How Parents Can Help Kids Learn Online

By Melinda Cameron on Thu, May 14, 2020 @ 06:15 PM

At Halifax Learning, parents have always been a big part of their child's reading success. These days, it's more important than ever. But how can parents provide the best support on their child's reading journey, as they learn to read online with SpellRead?

1. Be present...

Kids usually need older family members around to start the Zoom or video chat meetings and to make sure the microphone and camera are working correctly. There can also be times when it's good to be around to troubleshoot any issues that come up, like if kids accidentally click the wrong part of the screen or if there's a problem with wifi.

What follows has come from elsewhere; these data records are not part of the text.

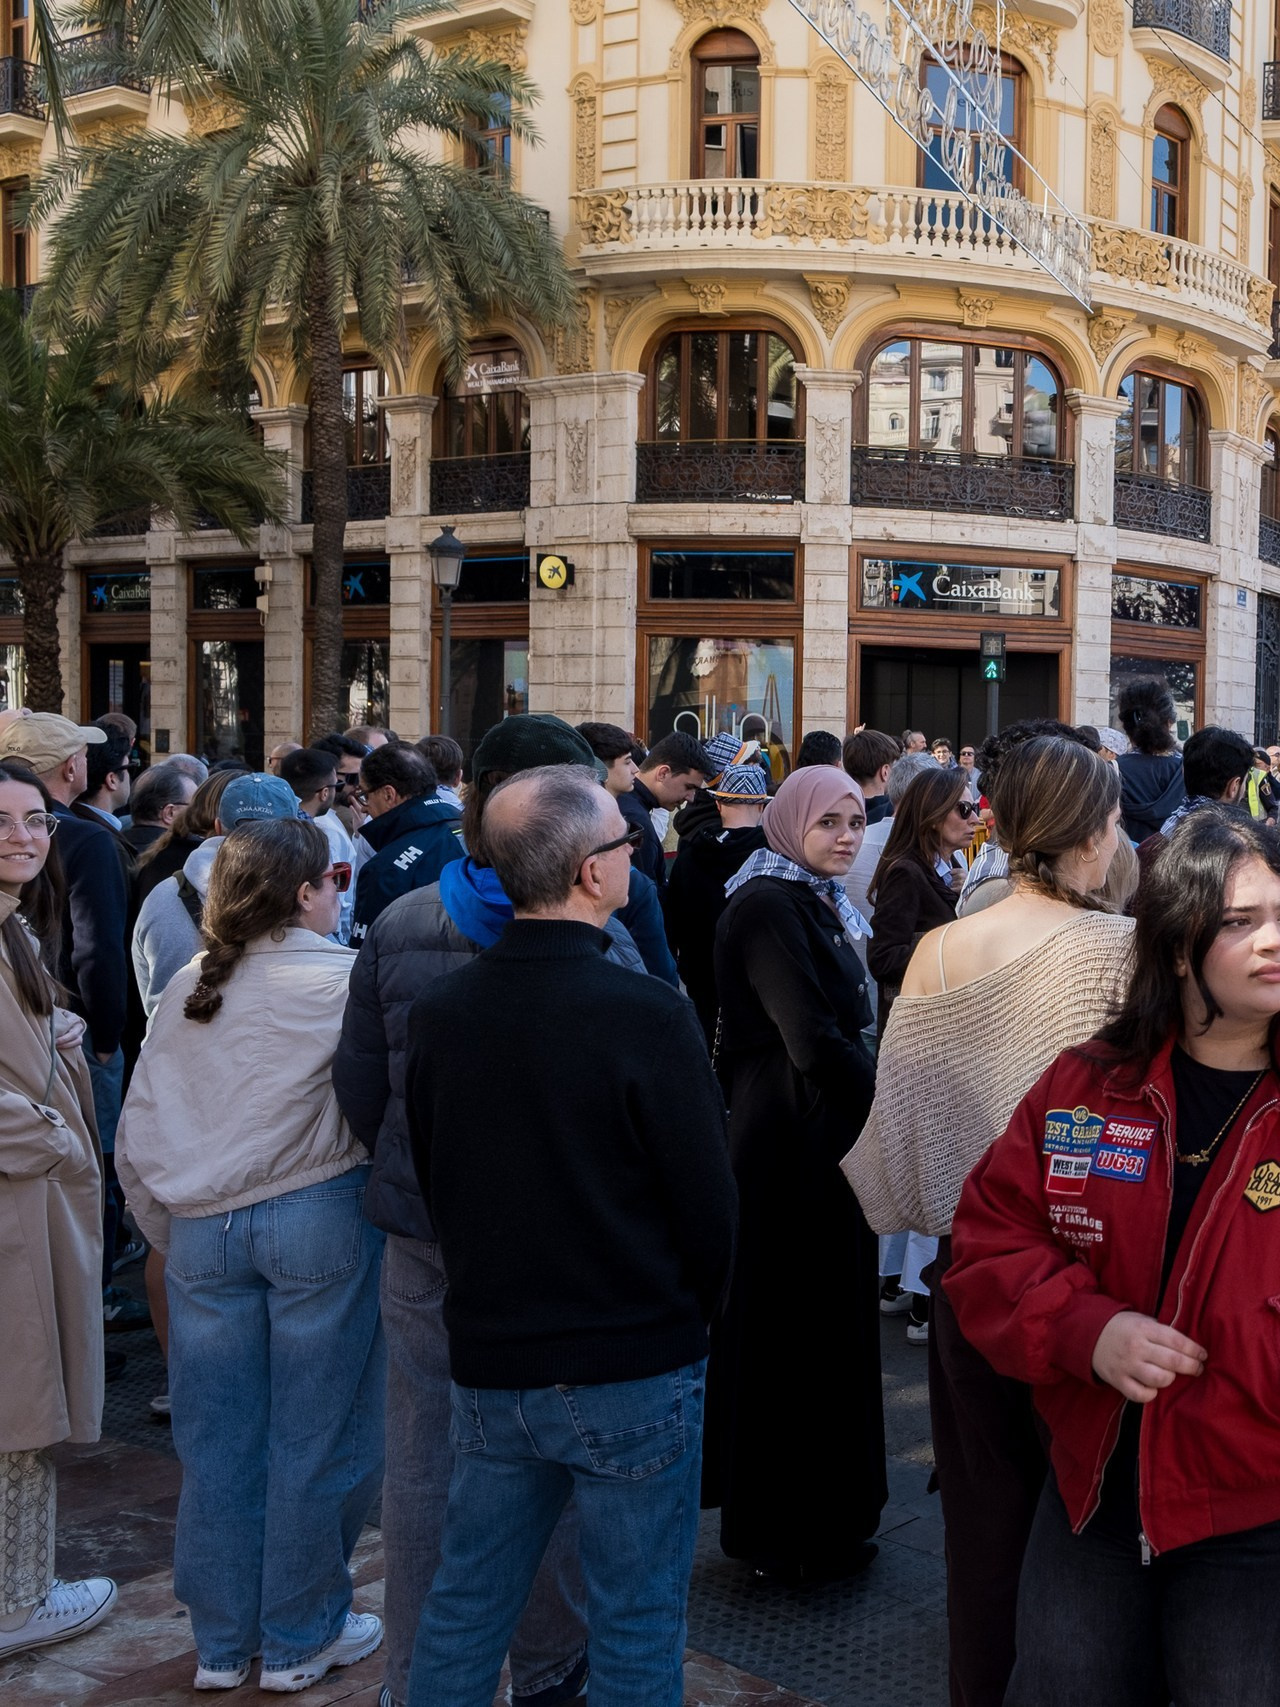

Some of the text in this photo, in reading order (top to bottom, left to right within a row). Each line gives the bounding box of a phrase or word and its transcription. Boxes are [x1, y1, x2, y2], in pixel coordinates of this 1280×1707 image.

[479, 360, 520, 375] CaixaBank
[932, 575, 1035, 600] CaixaBank
[393, 845, 424, 871] HH
[1045, 1121, 1070, 1136] EST
[1106, 1122, 1154, 1141] SERVICE
[1112, 1137, 1143, 1147] STATION
[1053, 1159, 1073, 1171] WEST
[1096, 1150, 1145, 1176] WG91
[1255, 1195, 1273, 1206] 1991

2. ...but not TOO present.

Classes are designed for kids to do successfully with their class and instructor, so parents don't need to be around to give hints about the answers or do the activities! Any support that's needed will be provided by the instructor.

3. Have materials at the ready.

Each online class goes by quickly, so the better prepared kids are, the more work that gets done. Some families set an alarm for 10 minutes before each class - that way, they can be logged in and ready to go when the class starts. Better yet, set an alarm for 30 minutes before each class, giving kids time to have a quick snack and drink if needed and to use the washroom.

Supplies kids will usually need to have include:

  • Pencils and a notebook or scribbler
  • Sound cards
  • Speed packs

4. Be positive!

Make your home a safe place to make mistakes. Not every answer will be correct the first try - if it was, what are we even doing here? Encourage kids by noticing when they're working hard. 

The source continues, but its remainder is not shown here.